Why ARB Corp shares were slammed

4WD accessories manufacturer ARB Corporation (ASX: ARP) has seen its shares slammed down more than 6% in trading today, after the company reported disappointing sales results for the most recent quarter.

In a trading update at its annual AGM, ARB noted that sales for the first quarter to end of September are less than 1% ahead of the same period last year. Operating costs have also continued to rise in most areas, and management expect profits to fall by as much as 10% for the quarter.

Sales to original equipment manufacturers (OEMs) such as Toyota, Isuzu and Suzuki have dropped a whopping 50% in the September quarter, over last year, while other divisions have reported positive growth. Exports in particular, have seen double digit growth compared to the corresponding period in 2013.

The company also noted that sales were slowing in the Australian aftermarket segment, which represents around 70% of revenues. A slowdown in the mining focused states of Western Australia and Queensland, as the resources industry looks to cut costs is being blamed for slow growth in sales.

ARB sells a lot of bullbars and other 4WD accessories for vehicles used by miners and their contractors. As those miners strive for more efficient operations, it seems ARB accessories are on the target list, as could be the trailers, tippers and other truck and semi-trailer accessories made by MaxiTRANS Industries (ASX: MXI), and potentially, spare parts provided by Supply Network (ASX: SNL).

ARB’s sales have also been hit by the recent uncertainty created by lengthy Federal election campaign, falling mining demand and the adverse impact on fleet sales thanks to proposed changes to Fringe Benefits Tax rules on motor vehicles.

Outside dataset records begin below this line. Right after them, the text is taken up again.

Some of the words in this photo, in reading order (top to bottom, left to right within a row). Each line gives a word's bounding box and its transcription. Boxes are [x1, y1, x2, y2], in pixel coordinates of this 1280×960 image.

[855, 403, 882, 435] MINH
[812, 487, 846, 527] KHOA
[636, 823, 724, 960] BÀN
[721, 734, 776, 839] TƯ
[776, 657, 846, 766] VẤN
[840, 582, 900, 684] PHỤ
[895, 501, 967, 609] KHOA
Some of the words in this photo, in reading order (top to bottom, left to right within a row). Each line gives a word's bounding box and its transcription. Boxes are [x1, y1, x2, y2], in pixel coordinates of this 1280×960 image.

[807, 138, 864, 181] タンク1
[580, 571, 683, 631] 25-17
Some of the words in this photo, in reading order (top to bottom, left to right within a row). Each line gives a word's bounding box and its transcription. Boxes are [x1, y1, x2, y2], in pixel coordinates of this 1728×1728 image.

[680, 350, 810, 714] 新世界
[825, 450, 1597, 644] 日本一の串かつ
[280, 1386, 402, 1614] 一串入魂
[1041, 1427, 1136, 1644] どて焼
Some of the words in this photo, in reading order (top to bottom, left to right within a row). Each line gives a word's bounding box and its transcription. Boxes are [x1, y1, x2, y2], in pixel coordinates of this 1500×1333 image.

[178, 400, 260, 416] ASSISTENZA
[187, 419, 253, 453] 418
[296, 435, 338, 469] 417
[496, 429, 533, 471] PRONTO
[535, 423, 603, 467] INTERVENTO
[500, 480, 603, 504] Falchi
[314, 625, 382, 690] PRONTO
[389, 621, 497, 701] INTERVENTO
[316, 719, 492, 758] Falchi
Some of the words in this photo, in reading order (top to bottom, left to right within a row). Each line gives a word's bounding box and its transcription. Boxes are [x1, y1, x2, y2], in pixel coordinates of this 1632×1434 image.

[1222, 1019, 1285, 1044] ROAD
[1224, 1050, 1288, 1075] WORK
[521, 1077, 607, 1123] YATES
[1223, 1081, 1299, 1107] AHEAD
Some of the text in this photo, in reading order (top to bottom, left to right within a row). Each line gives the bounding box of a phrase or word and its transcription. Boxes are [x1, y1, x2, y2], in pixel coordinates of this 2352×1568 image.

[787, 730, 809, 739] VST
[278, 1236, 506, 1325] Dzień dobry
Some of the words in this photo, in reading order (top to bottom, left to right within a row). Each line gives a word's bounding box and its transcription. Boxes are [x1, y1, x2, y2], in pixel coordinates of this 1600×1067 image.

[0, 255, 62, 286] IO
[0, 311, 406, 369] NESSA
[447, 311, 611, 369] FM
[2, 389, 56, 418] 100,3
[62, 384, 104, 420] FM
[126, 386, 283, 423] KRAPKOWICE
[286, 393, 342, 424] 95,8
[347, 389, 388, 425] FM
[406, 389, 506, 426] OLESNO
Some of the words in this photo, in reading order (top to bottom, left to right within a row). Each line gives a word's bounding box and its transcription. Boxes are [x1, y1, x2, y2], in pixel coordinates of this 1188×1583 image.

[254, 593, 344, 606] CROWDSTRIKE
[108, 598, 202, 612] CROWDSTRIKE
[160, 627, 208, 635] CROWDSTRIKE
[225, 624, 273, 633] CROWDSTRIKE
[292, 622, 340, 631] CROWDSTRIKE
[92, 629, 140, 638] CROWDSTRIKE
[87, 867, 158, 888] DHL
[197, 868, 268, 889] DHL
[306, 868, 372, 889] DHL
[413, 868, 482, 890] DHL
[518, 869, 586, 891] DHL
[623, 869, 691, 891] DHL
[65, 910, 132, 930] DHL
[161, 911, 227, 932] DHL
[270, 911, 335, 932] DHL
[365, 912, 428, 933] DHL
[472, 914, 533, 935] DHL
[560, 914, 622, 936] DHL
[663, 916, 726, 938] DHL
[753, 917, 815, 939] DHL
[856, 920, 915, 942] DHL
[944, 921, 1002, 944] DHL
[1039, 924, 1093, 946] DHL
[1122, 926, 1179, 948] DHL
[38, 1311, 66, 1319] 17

Those tax changes have since been scrapped, but it seems the uncertainty has remained. McMillan Shakespeare (ASX: MMS), a company that provides salary packaging and vehicle leasing administration, saw its shares more than halve, and the share price is still trading at a significant discount to the levels before the FBT changes were announced.

Foolish takeaway

ARB has traded at a premium price for many years, mainly thanks to strong growth in Australia on the back of the resources boom. As it wanes, ARB is likely to struggle to maintain the growth, and financial year 2014 could see the company report its first decline in profits in many years.

Savvy investors are now seeking growth in smaller companies. Discover two stellar small-cap opportunities now, in our brand-new research report, “2 Small Cap Superstars” — simply click here to download your FREE copy.

More reading

Motley Fool writer/analyst Mike King owns shares in McMillan Shakespeare.

Two New Stock Picks Every Month!

Not to alarm you, but you’re about to miss a very important event! Chief Investment Advisor Scott Phillips and his team at Motley Fool Share Advisor are about to reveal their latest official stock recommendation. The premium “buy alert” will be unveiled to members and you can be among the first to act on the tip.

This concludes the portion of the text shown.